■ RECORDED DATA:
--- START ---

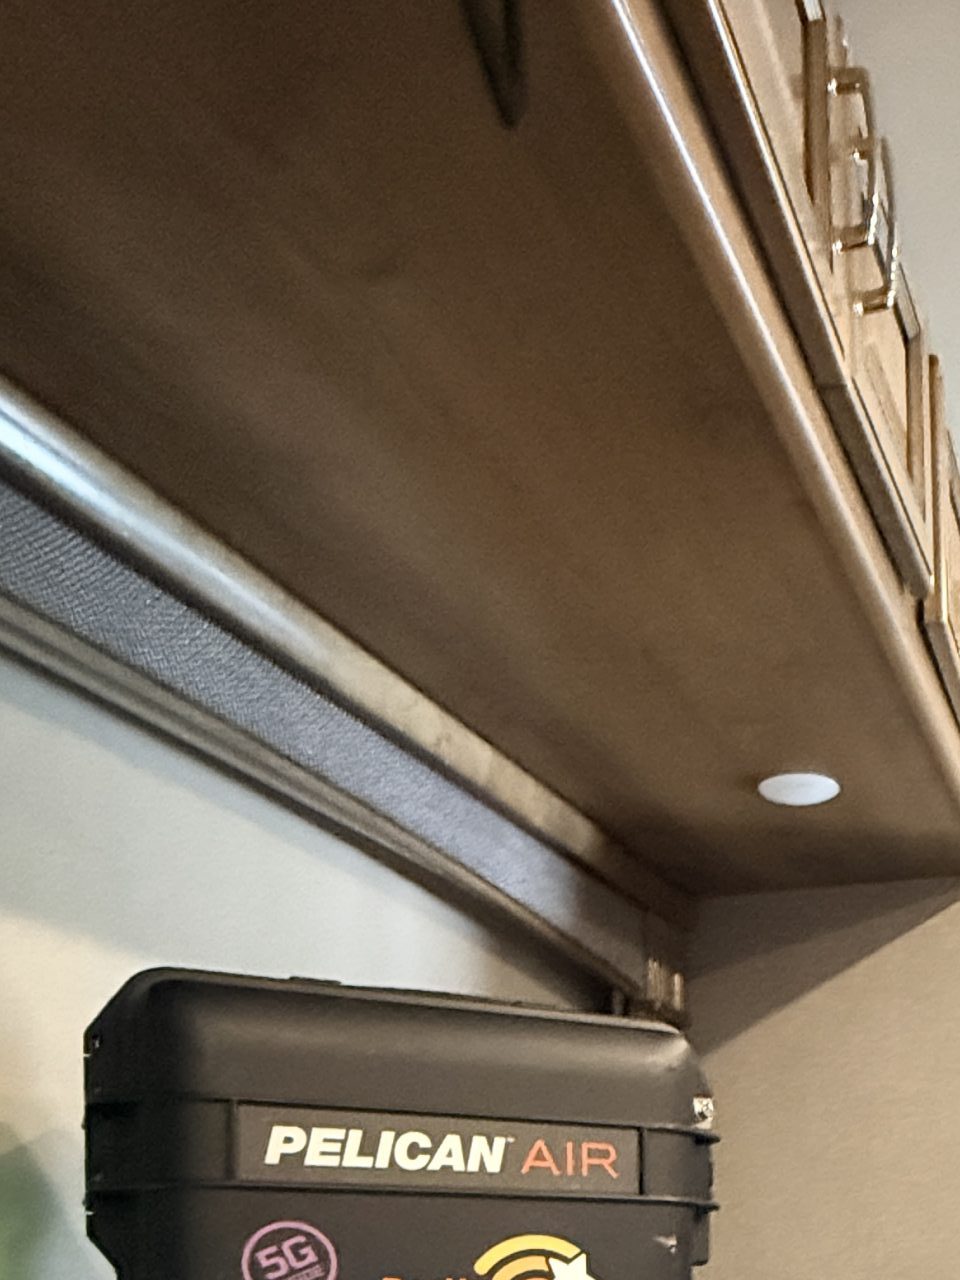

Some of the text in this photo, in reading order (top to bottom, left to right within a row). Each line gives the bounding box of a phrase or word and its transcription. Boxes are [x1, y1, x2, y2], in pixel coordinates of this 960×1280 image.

[264, 1125, 620, 1178] PELICAN AIR
[254, 1235, 319, 1279] 5G
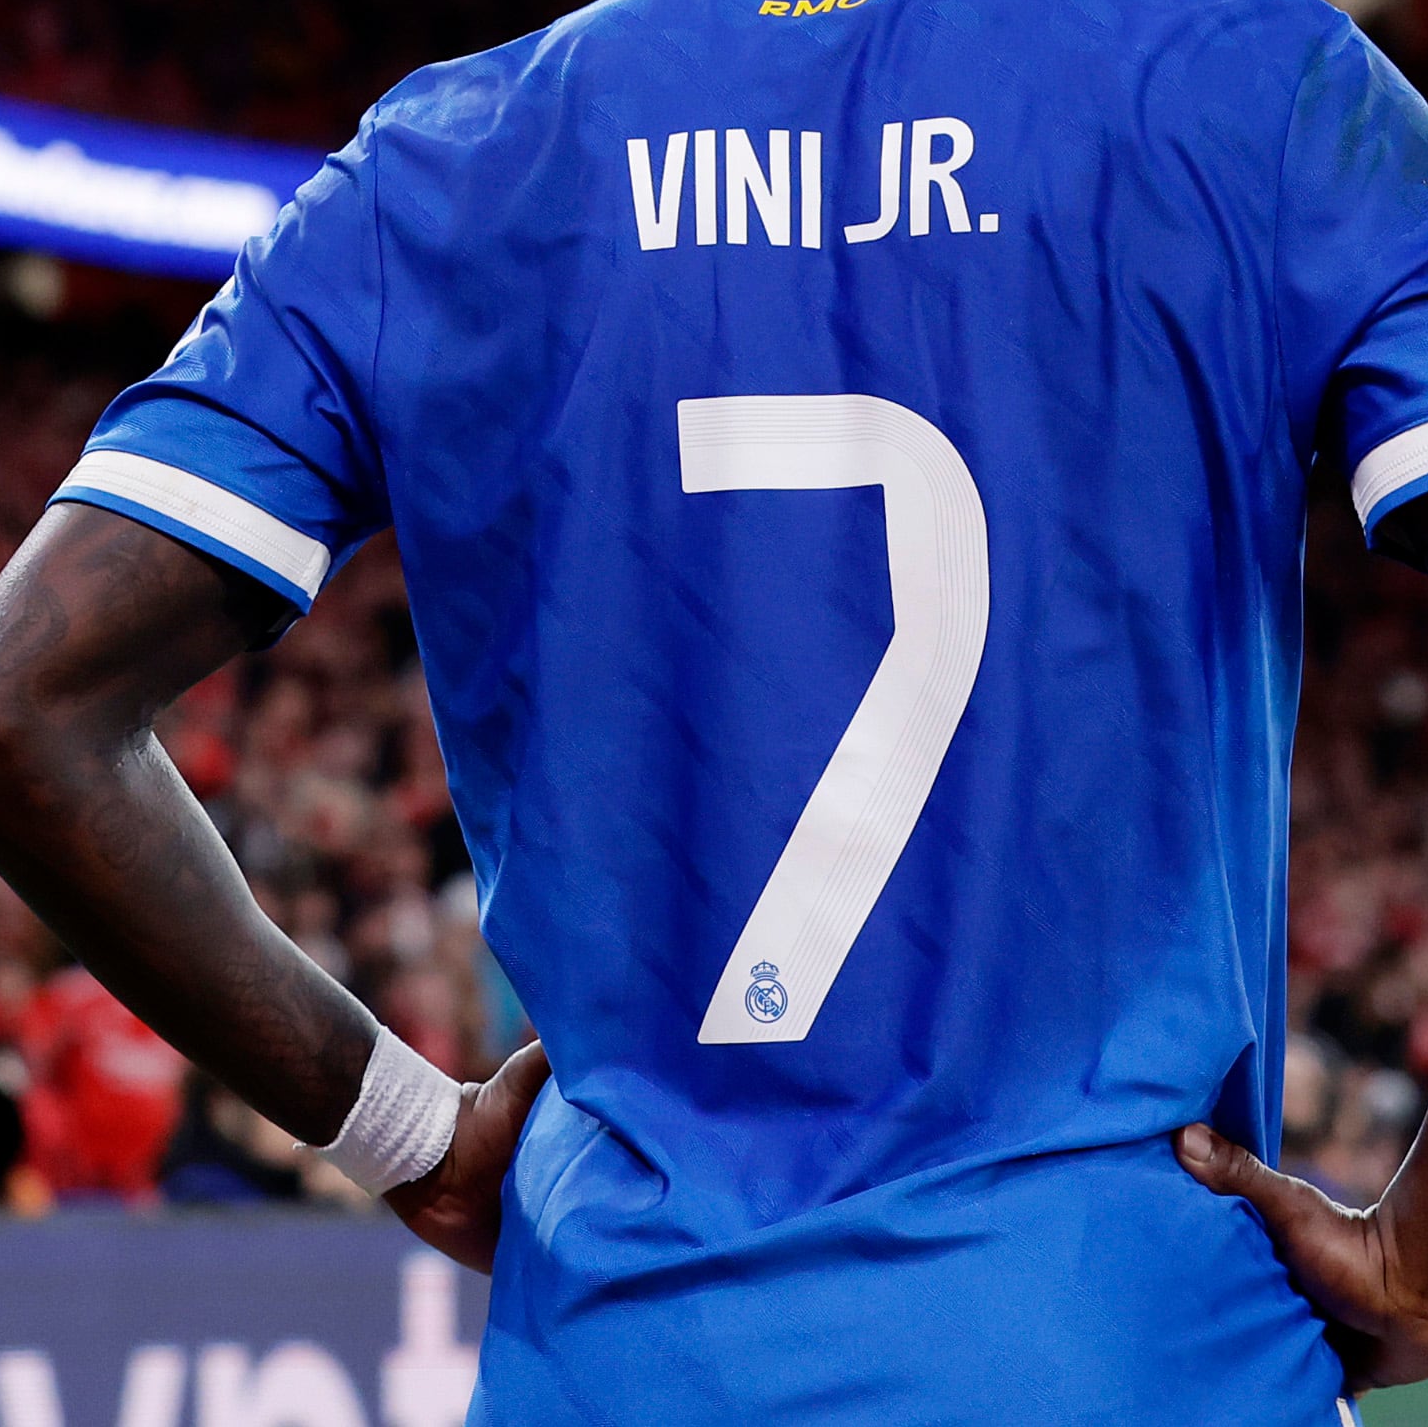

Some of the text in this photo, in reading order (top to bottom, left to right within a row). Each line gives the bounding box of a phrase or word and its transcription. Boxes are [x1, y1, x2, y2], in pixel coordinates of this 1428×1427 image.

[626, 116, 1000, 252] VINI JR.
[676, 393, 991, 1045] 7
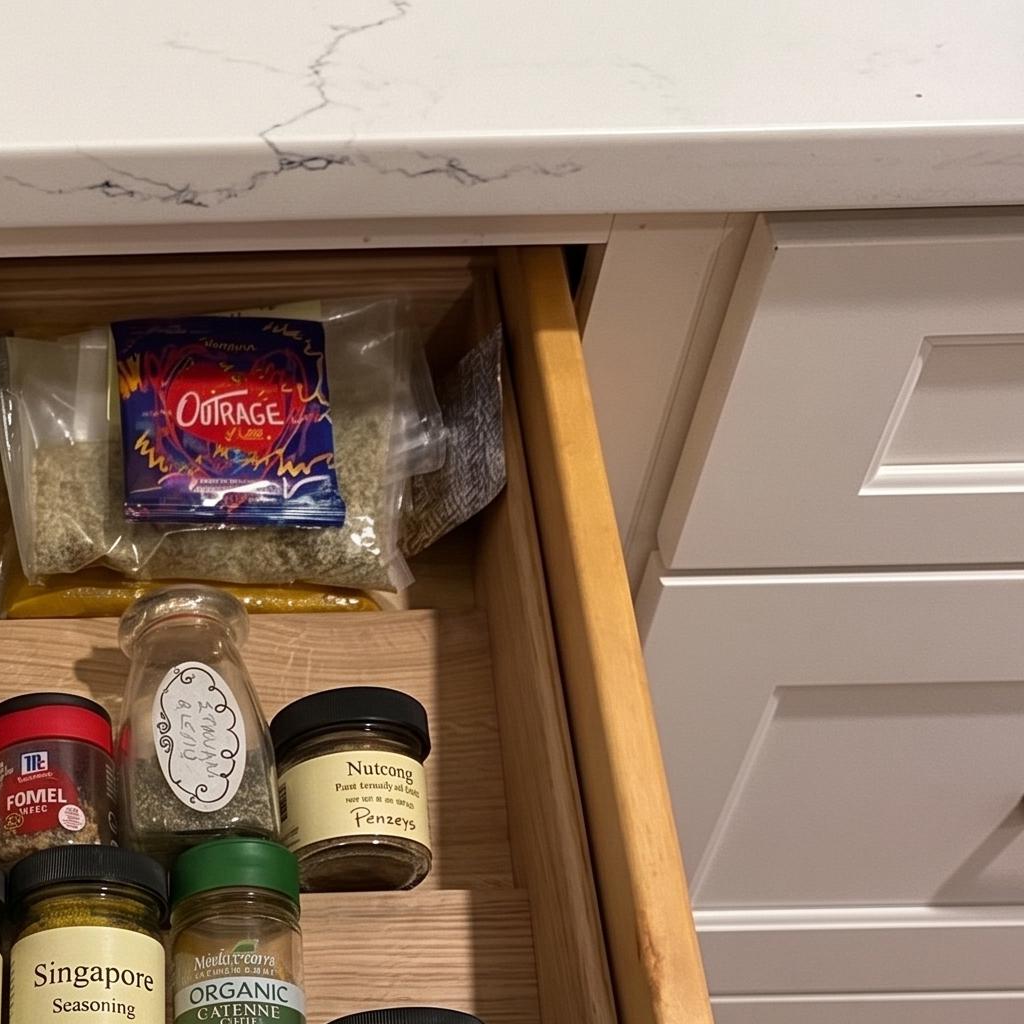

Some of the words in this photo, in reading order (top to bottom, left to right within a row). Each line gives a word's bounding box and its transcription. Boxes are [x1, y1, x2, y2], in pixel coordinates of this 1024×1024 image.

[350, 807, 416, 831] Penzeys
[34, 961, 154, 992] Singapore
[190, 982, 288, 1005] ORGANIC
[53, 998, 136, 1020] Seasoning
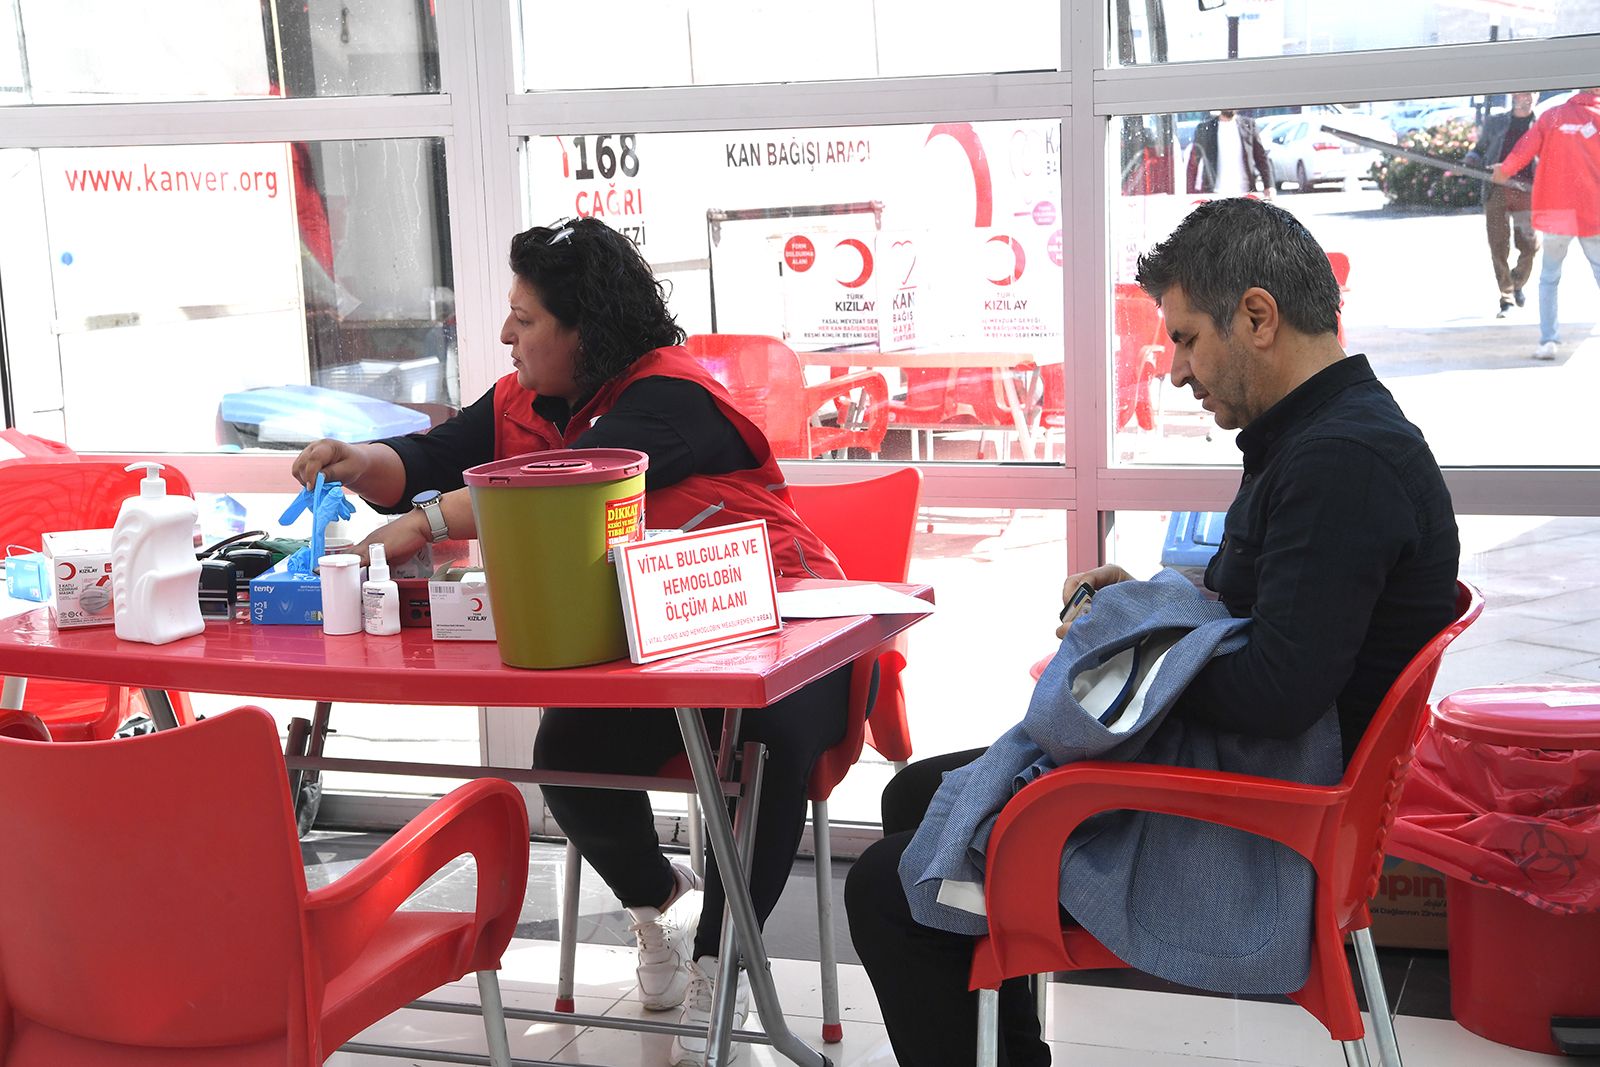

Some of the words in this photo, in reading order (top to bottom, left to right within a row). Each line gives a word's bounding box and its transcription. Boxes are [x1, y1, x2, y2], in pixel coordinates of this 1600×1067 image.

--- END ---

■ TASK STATEMENT: What is needed is every entry written out word for word, with no pictures.

■ EXERCISE OUTPUT:
Some of the text in this photo, in reading order (top to bottom, left to right within a row). Each line gives the bounding box of a phrase or word and its transcription. Boxes are [x1, y1, x2, y2], in pixel coordinates of this 960×1280 image.

[264, 1125, 620, 1178] PELICAN AIR
[254, 1235, 319, 1279] 5G

Some of the text in this photo, in reading order (top to bottom, left to right within a row). Each line gives the bounding box of a phrase or word and its transcription. Boxes are [x1, y1, x2, y2], in pixel coordinates of this 1428×1427 image.

[626, 116, 1000, 252] VINI JR.
[676, 393, 991, 1045] 7

Some of the words in this photo, in reading order (top to bottom, left to right within a row). Each line gives a word's bounding box and its transcription. Boxes are [x1, y1, x2, y2], in pixel coordinates of this 1024×1024 image.

[350, 807, 416, 831] Penzeys
[34, 961, 154, 992] Singapore
[190, 982, 288, 1005] ORGANIC
[53, 998, 136, 1020] Seasoning

Some of the words in this photo, in reading order (top to bottom, left to right within a row). Each line gives a word's bounding box and its transcription. Boxes are [x1, y1, x2, y2], in pixel coordinates of this 1600×1067 image.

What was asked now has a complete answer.